Lastly, instead of exporting more XStream packages, we would suggest following ways to make your app compatible:

  1. Use confluence-compat-lib to fetch a ConfluenceXStream and let it handle pre-7.9 compatibility. You can also configure allowlist using <xstream-security tag allowing it to work where Confluence version supports it. Please refer to this document to understand how to use confluence-compat-lib or <xstream-security.
  2. Bundle your own XStream and have greater control. This might increase your app size, but gives you the cheapest solution.

Please let us know if you have further questions.

Hi @ggautam ,

Thanks for the response. Bundling XStream would certainly work, although it almost doubles our .JAR size (adds 0.6 Mb) and it seems an unwise use of our customer’s JVM resources.

I suggest the linked documentation be updated.
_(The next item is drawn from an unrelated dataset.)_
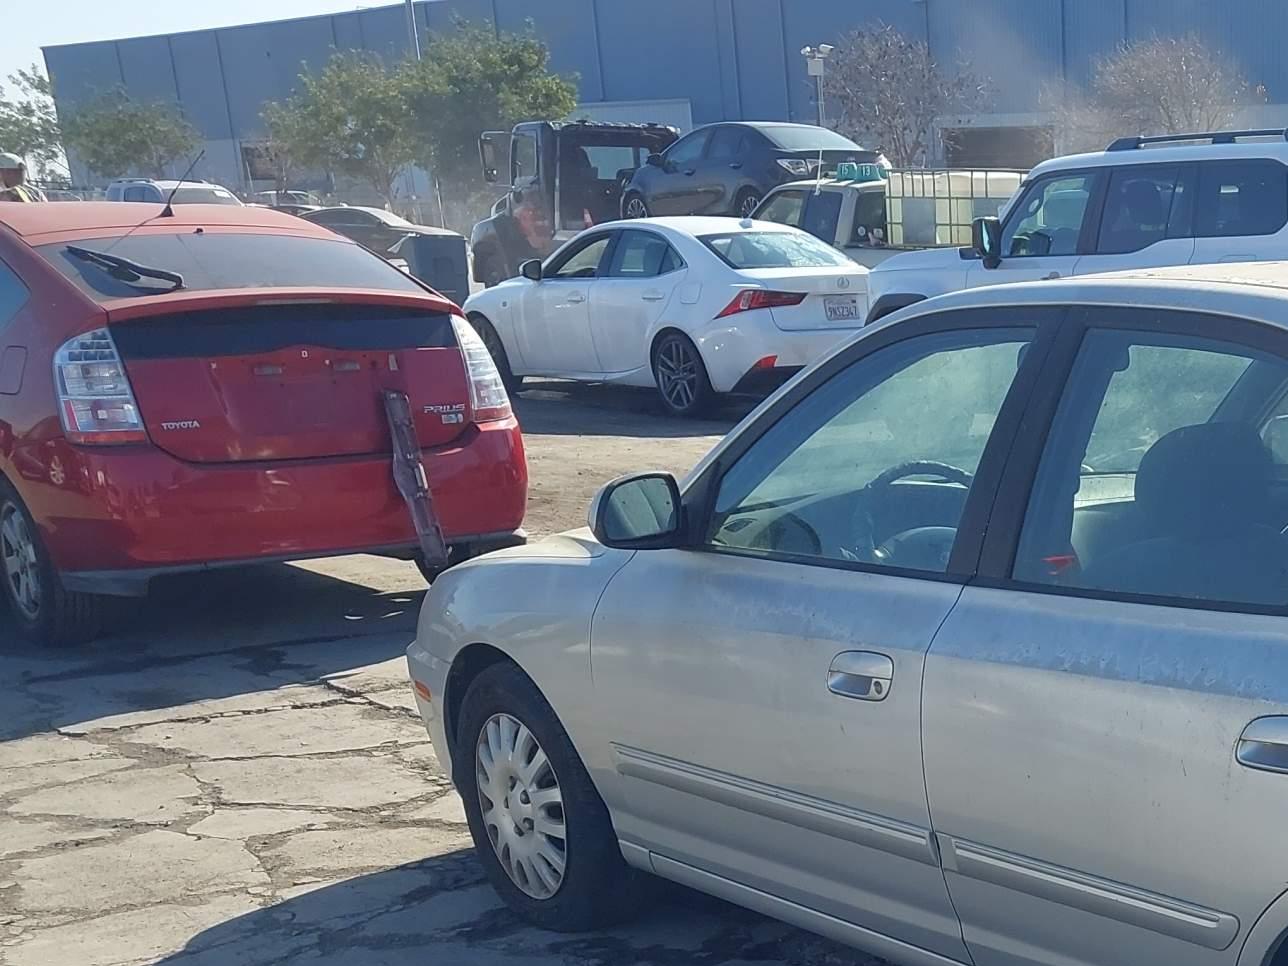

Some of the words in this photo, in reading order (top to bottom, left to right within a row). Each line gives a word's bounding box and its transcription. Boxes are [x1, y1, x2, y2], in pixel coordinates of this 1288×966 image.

It has implied since the beginning (two years ago) that you were still able to use your own “new XStream()” instance, but this is no longer truly the case.

For example, if you’re not planning to export the needed packages, the recommendation “If your app uses its own XStream, you’ll need to mark the allowlist in that XStream instance” doesn’t fully work. There’s no way to revert your “new XStream()” to the previous behavior (blocklist only) without exporting those packages, for example, or to fine-tune other parts of the allowlist. And if we’re going to have to enumerate all of the required types anyway, we might as well just use the compat-lib. (And at least some of us were using XStream in a trivial manner that was safe from all of those vulnerabilities, so we don’t care about allowlist vs blocklist.)

And even if you did export those packages, or if you use the very-limited methods available without exporting those packages, the docs should also mention that the code you recommend writing to “mark the allowlist” will break compatibility with Confluence <=7.9, unless you explicitly test the Confluence version in your code and then play fancy games to refrain from loading specific classes when they are not otherwise available.

So I suggest the only real options that the docs should recommend are those that you listed above, which are: (a) bundle your own XStream, or (b) use the compat-lib API.